We have previously found that the acquired protection against
malaria implicates a mechanism of defense that relies on the cooperation between cytophilic
antibodies and monocytes. Accordingly, an assay of antibody-dependent cellular inhibition (
ADCI) of parasite growth was used as a means of selecting for molecules capable of inducing protective immunity to
malaria. This allowed us to identify in the sera of clinically protected subjects an antibody specificity that promotes parasite killing mediated by monocytes. This antibody is directed to a novel merozoite
surface protein (MSP-3) of a molecular mass of 48 kD. Purified
IgG from protected subjects are effective in
ADCI and those directed against MSP-3 are predominantly cytophilic. In contrast, in nonprotected individuals, whose
antibodies are not effective in
ADCI, anti-MSP-3
antibodies are mostly noncytophilic. A region in MSP-3 targetted by
antibodies effective in the
ADCI assay was identified and its sequence was determined; it contains an
epitope not defined by a repetitive structure and does not appear to be polymorphic.

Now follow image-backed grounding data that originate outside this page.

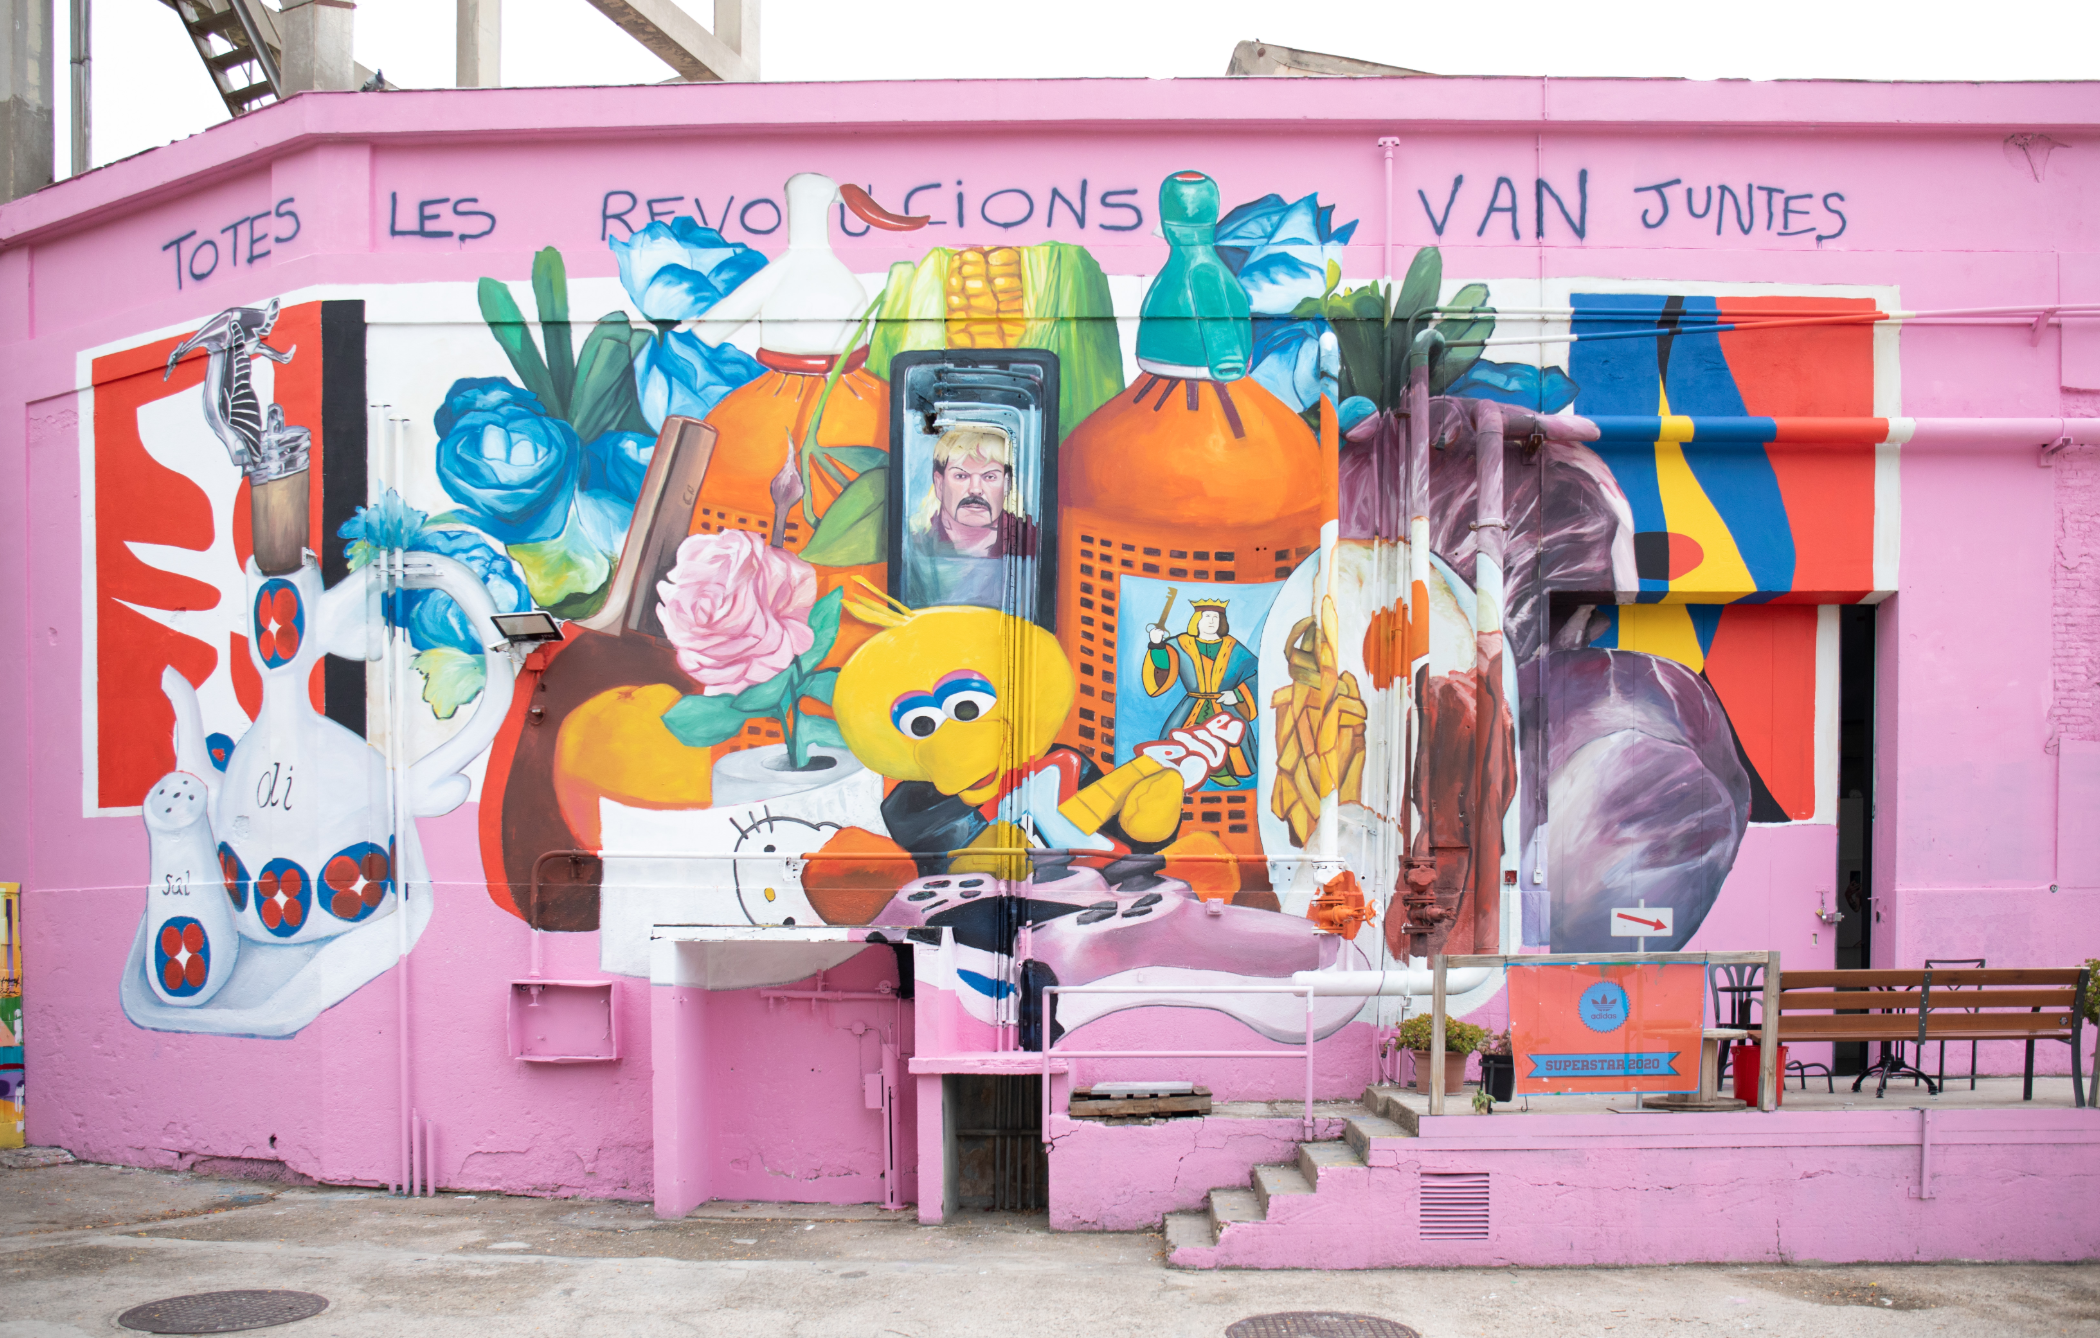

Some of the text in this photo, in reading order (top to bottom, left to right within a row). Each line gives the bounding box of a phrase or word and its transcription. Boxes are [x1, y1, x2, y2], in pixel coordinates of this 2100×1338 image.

[162, 197, 301, 290] TOTES
[390, 191, 497, 244] LES
[1418, 168, 1588, 242] VAN
[1634, 178, 1847, 244] JUNTES
[257, 762, 293, 811] di
[162, 869, 191, 896] sal
[1590, 1012, 1617, 1020] adidas
[1545, 1058, 1660, 1071] SUPERSTAR 2020

Antibodies raised in mice against a
peptide containing this
epitope, as well as human
antibodies immunopurified on this
peptide, elicit a strong inhibition of Plasmodium falciparum growth in
ADCI assay, whereas control
antibodies, directed to
peptides from other molecules, do not. The correlation between isotypes of
antibodies produced against the 48-kD
epitopes, clinical protection, and the ability of specific anti-MSP-3
antibodies to block the parasite schizogony in the
ADCI assay suggests that this molecule is involved in eliciting protective mechanisms.